Ebola (photo) is a virus spread through contact with the body fluids of an infected person and can still spread after death
And yet there is reason to be hopeful & # 39; and the outbreak will be brought under control as quickly as possible, said Dr. Tedros Adhanom Ghebreyesus.
Some of the Ebola cases in this outbreak have been reported close to the heavily traveled border with Uganda.
For months, Ugandan officials have carried out a screening for everyone who walked past official border posts.
The Ebola virus is spread by direct contact with the fluids of an infected person.
More than 50,000 people have received an experimental vaccine.
Dr. Ghebreyesus said that enough doses of the vaccine were available, but at the same time we already asked the supplier to produce more. & # 39;
There were several concerns about spreading the virus when 24 patients escaped from a medical center last week.
Two dozen potentially infectious people broke out of a center in Beni, in the northeast of the African country, when it was attacked by demonstrators.
The patients who escaped were detained in a camp with presumably Ebola but were not yet confirmed.
Demonstrators attacked the camp after elections scheduled for Sunday, December 23, were postponed due to the fear of violence and the Ebola outbreak.
& # 39; Of 24 patients, 17 had tested negative once (for Ebola). They had to be tested again before they were fired, "said a spokesperson for the health ministry of the DRC last week.
& # 39; Four of them went home.
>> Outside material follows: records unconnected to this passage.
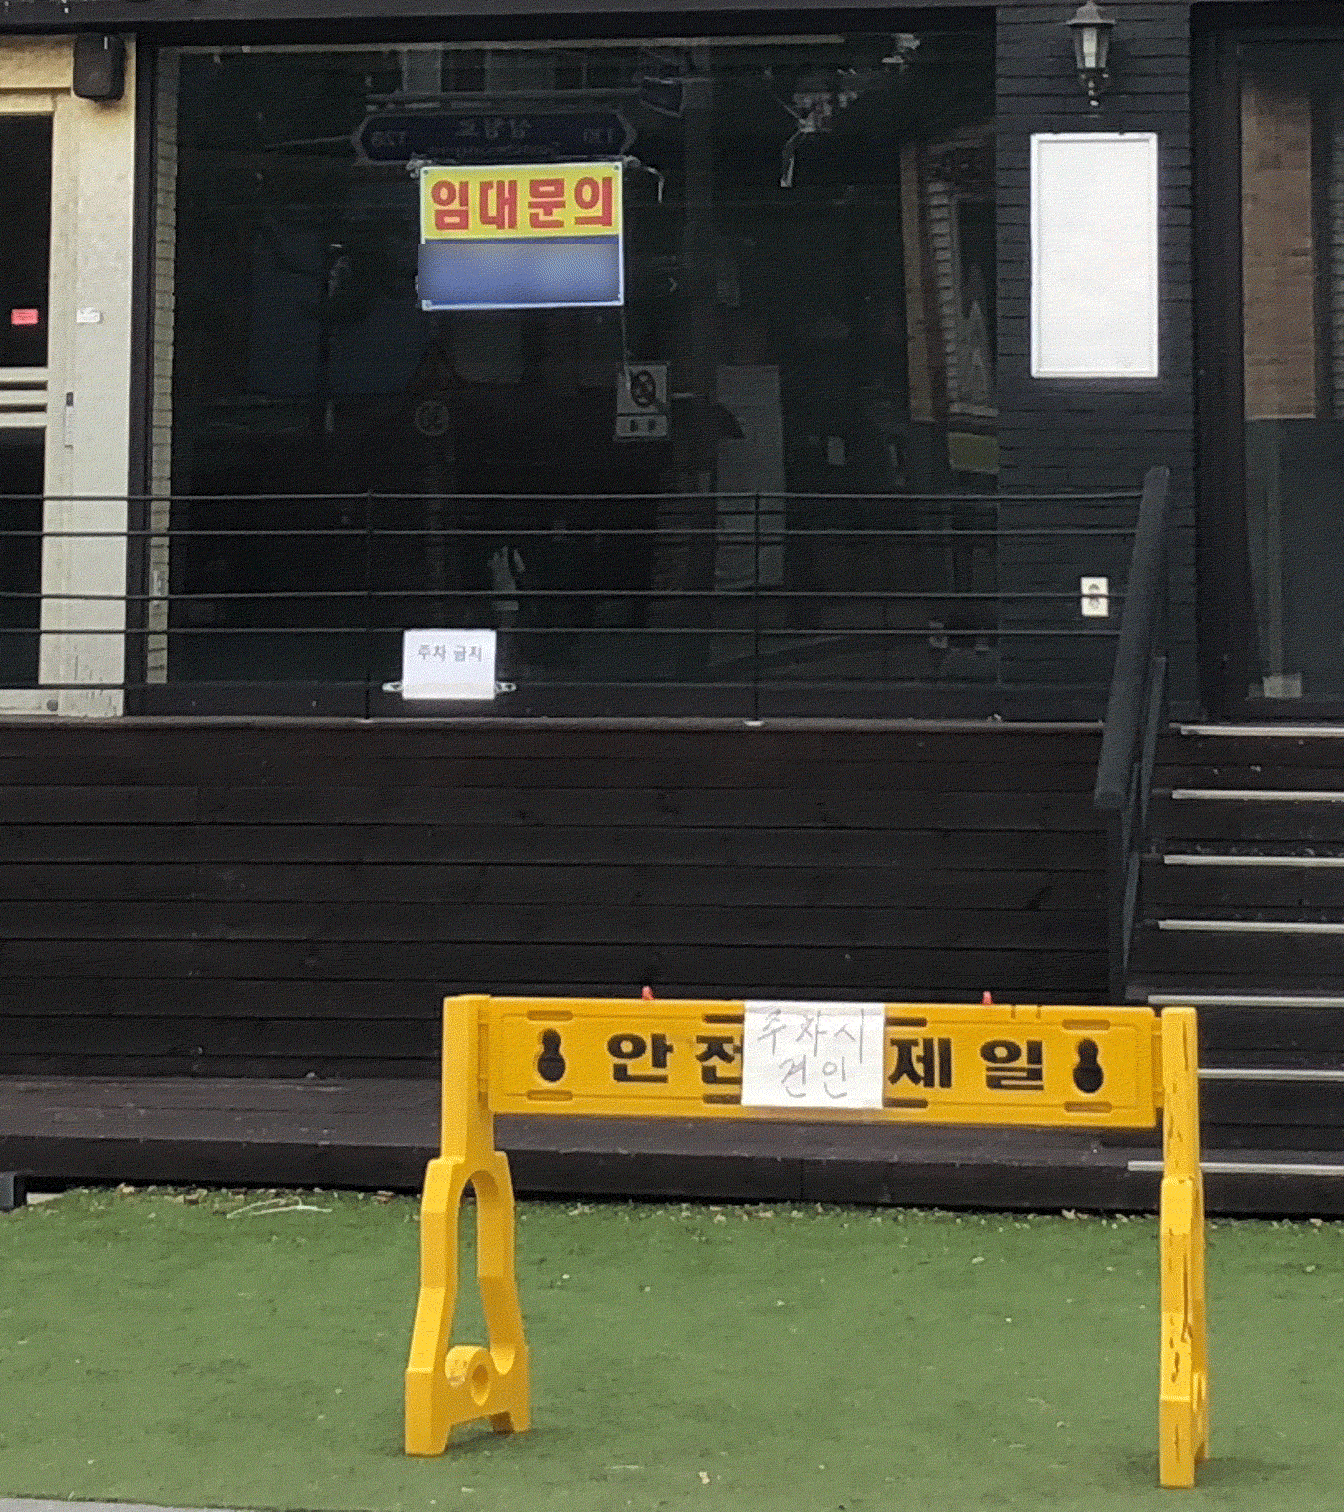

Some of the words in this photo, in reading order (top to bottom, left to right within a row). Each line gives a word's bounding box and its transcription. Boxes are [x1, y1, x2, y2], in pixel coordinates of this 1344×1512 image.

[430, 176, 614, 231] 임대문의
[418, 644, 446, 661] 주차
[454, 644, 483, 662] 금지
[887, 1035, 1045, 1091] 제일
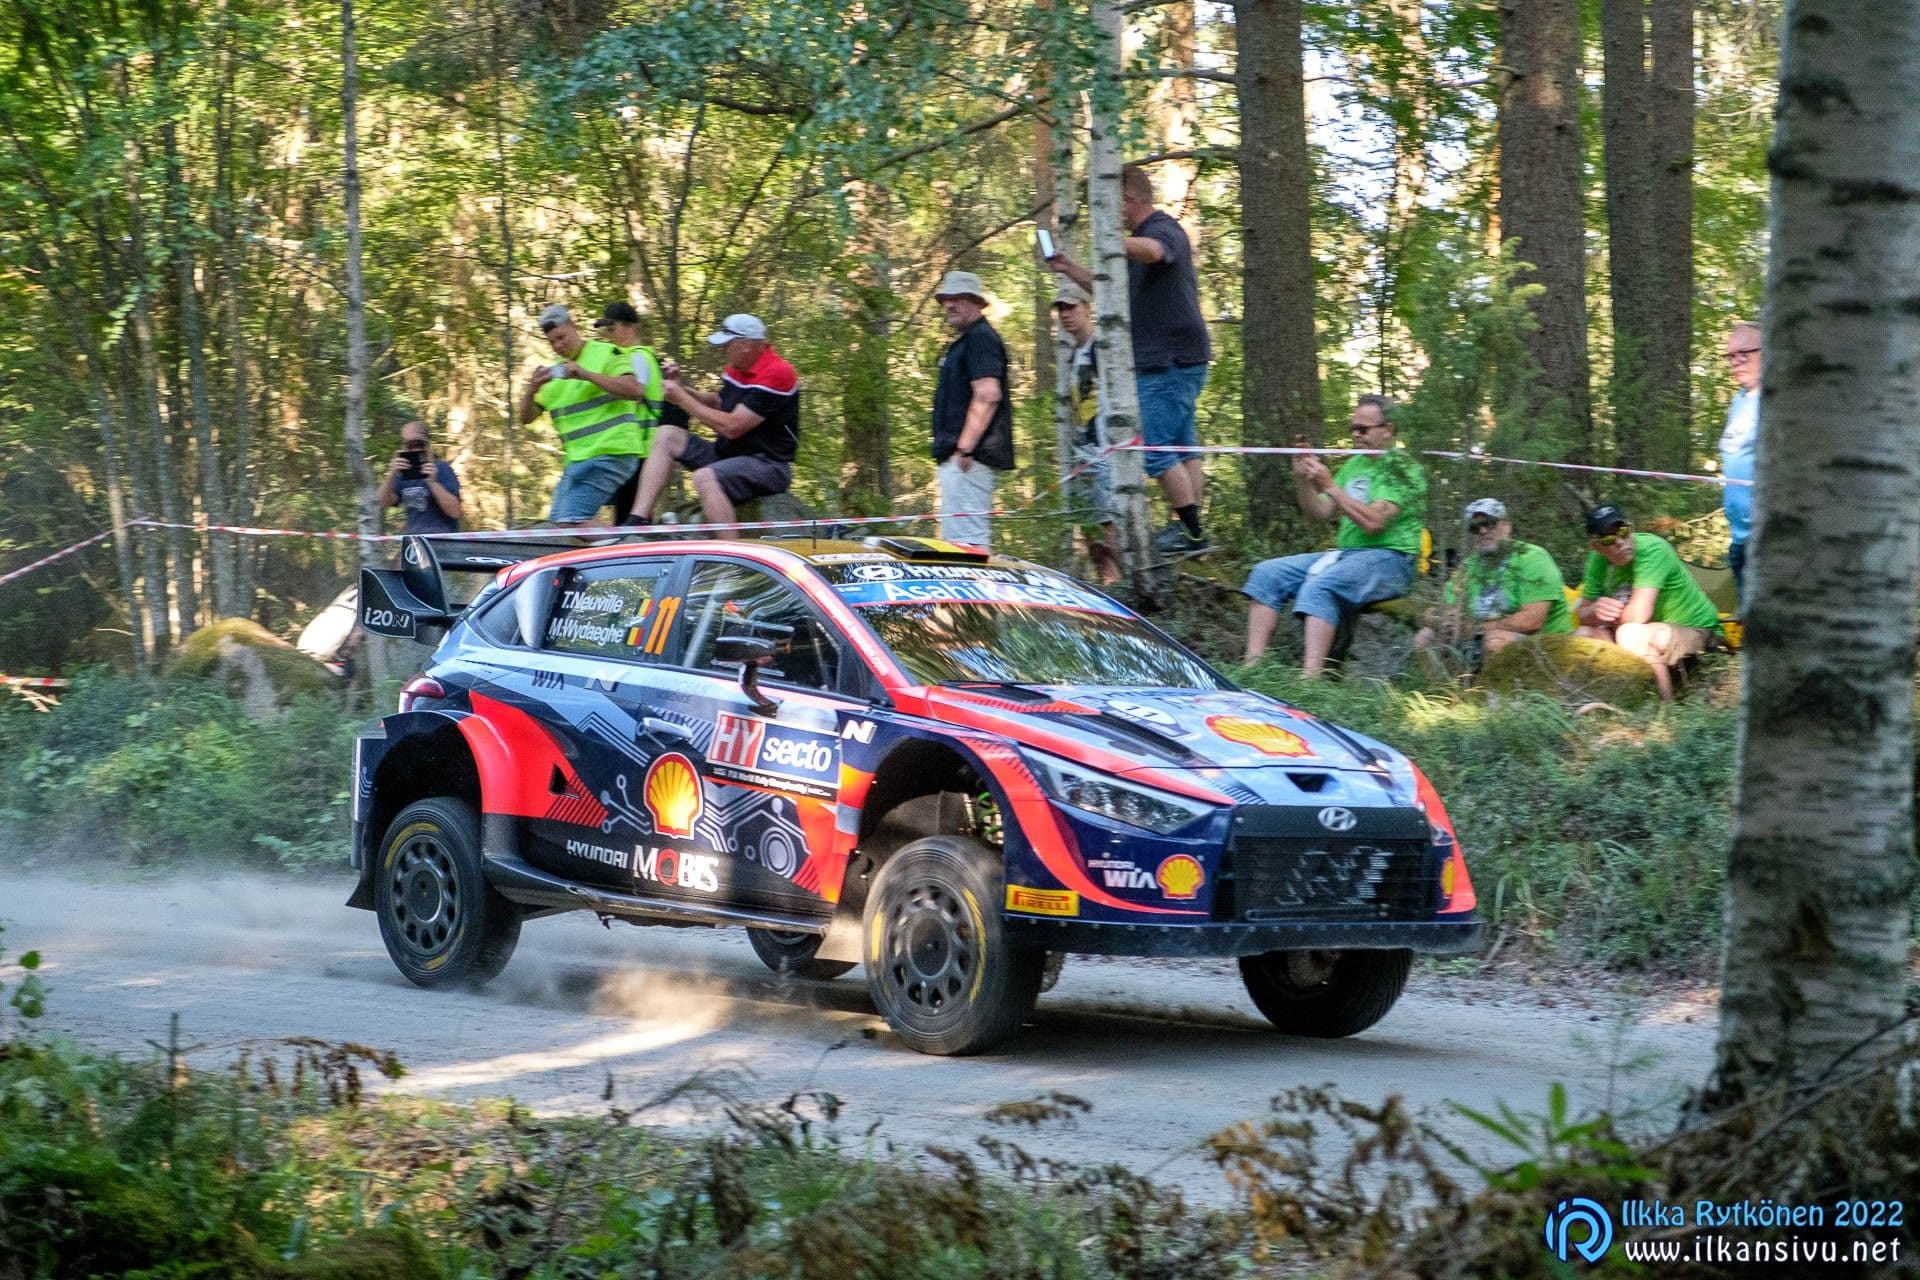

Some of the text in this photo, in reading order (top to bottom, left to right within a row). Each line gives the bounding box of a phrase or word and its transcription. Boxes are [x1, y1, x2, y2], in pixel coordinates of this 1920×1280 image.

[562, 591, 624, 613] T.Neuville
[548, 617, 624, 646] M.Wydaeghe
[644, 596, 681, 655] 11
[532, 670, 565, 690] WIA
[711, 715, 832, 772] HY secto
[840, 719, 878, 744] N
[566, 839, 720, 893] HYUNDAI MOBIS
[1103, 868, 1158, 889] WIA
[1013, 890, 1070, 911] PIRELLI
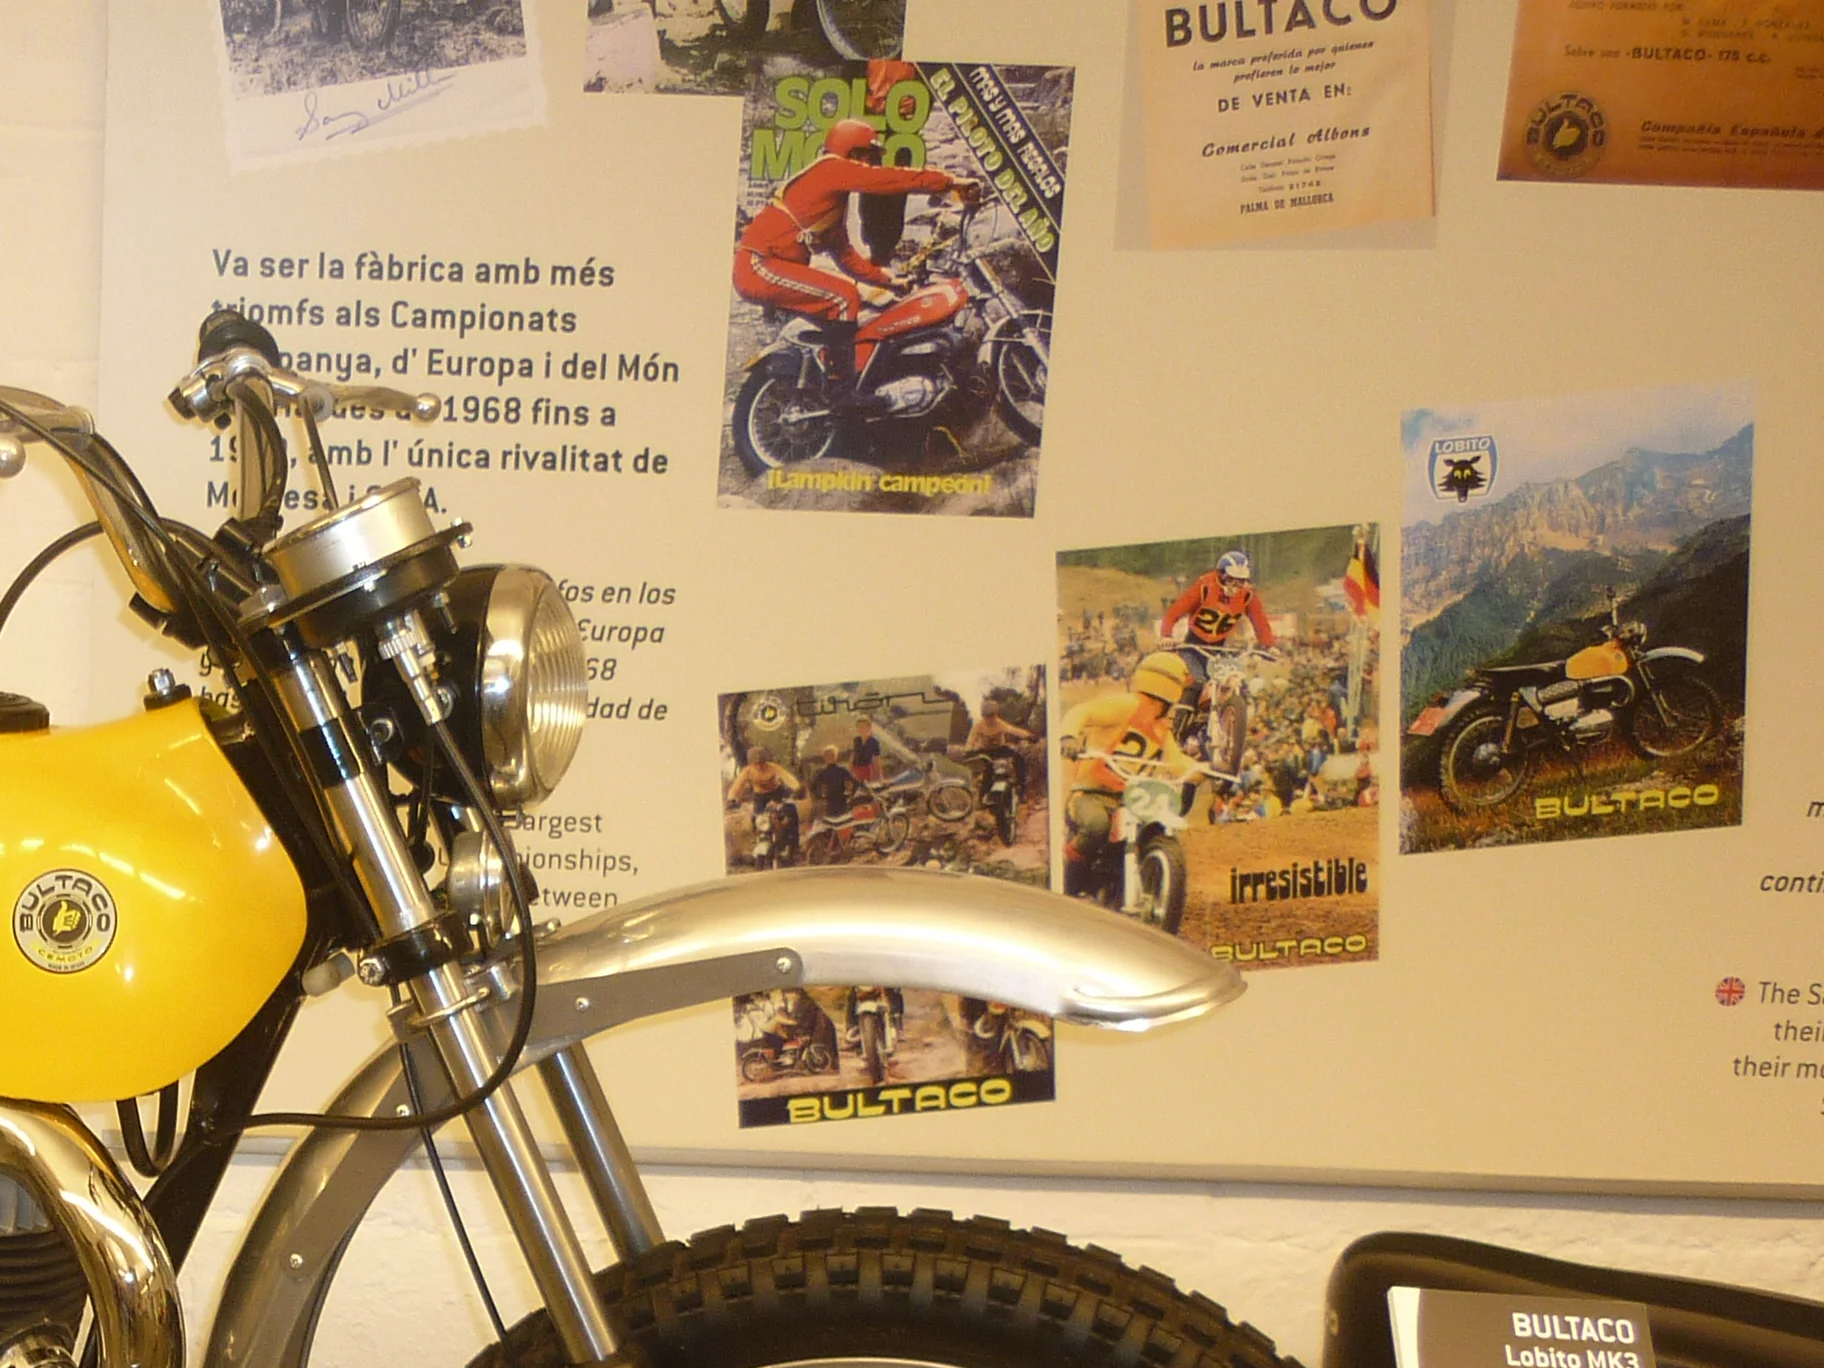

Three other suspicious cases were too serious to flee. & # 39;
But some protesters went into polluted areas of the camp, according to a relief worker, which offered more opportunities for the spread of the virus.
WHAT IS EBOLA AND HOW IS THIS DEADLY?
Ebola, a hemorrhagic fever, killed at least 11,000 around the world after it decimated West Africa and spread rapidly over the course of two years.
That epidemic was officially proclaimed in January 2016, when Liberia was announced by the WHO as Ebola-free.
The country, startled by the civil wars from beginning to end, which ended in 2003, was the worst hit by the fever, with 40 percent of the deaths taking place there.
Sierra Leone reported the highest number of Ebola cases, with nearly all infected residents of the nation.
WHERE IS IT BEGAN?
An analysis, published in the New England Journal of Medicine, found the outbreak began in Guinea – those neighbors Liberia and Sierra Leone.
A team of international researchers could reduce the epidemic to a two year old boy in Meliandou – about 400 miles (650 km) from the capital, Conakry.
Emile Ouamouno, better known as Patient Zero, may have suffered the deadly virus by playing with bats in a hollow tree, a study suggested.
HOW MANY PEOPLE ARE STRUCK DOWN?
|LAND||CASES||DEATH||DEATH RATE (%)|
|SENEGAL||1||0||N / A|
|SPAIN||1||0||N / A|
|UK||1||0||N / A|
|ITALY||1||0||N / A|
The figures show that almost 29,000 people are infected by Ebola – which means that the virus killed about 40 percent of those affected.
Cases and deaths were also reported in Nigeria, Mali and the US – but on a much smaller scale, with 15 deaths between the three nations.
Health officials in Guinea reported a mysterious bug in the southeastern region of the country before the WHO confirmed that it was Ebola.
Ebola was first identified by scientists in 1976, but the most recent outbreak augmented all other figures recorded in history.
HOW MAN MANAGED THE VIRUS?
Scientists believe that Ebola is usually passed on to humans by bats, but antelopes, porcupines, gorillas, and chimpanzees can also be blamed.
It can be transmitted between people through blood, secretions and other body fluids of people – and surfaces – that are infected.
IS THERE A TREATMENT?
The WHO warns that there is no "proven treatment & # 39; is for Ebola – but dozens of drugs and pricks are being tested in the event of a similarly devastating eruption.
There is hope, however, after an experimental vaccine, called rVSV-ZEBOV, protected almost 6,000 people. The results were published in the The Lancet magazine.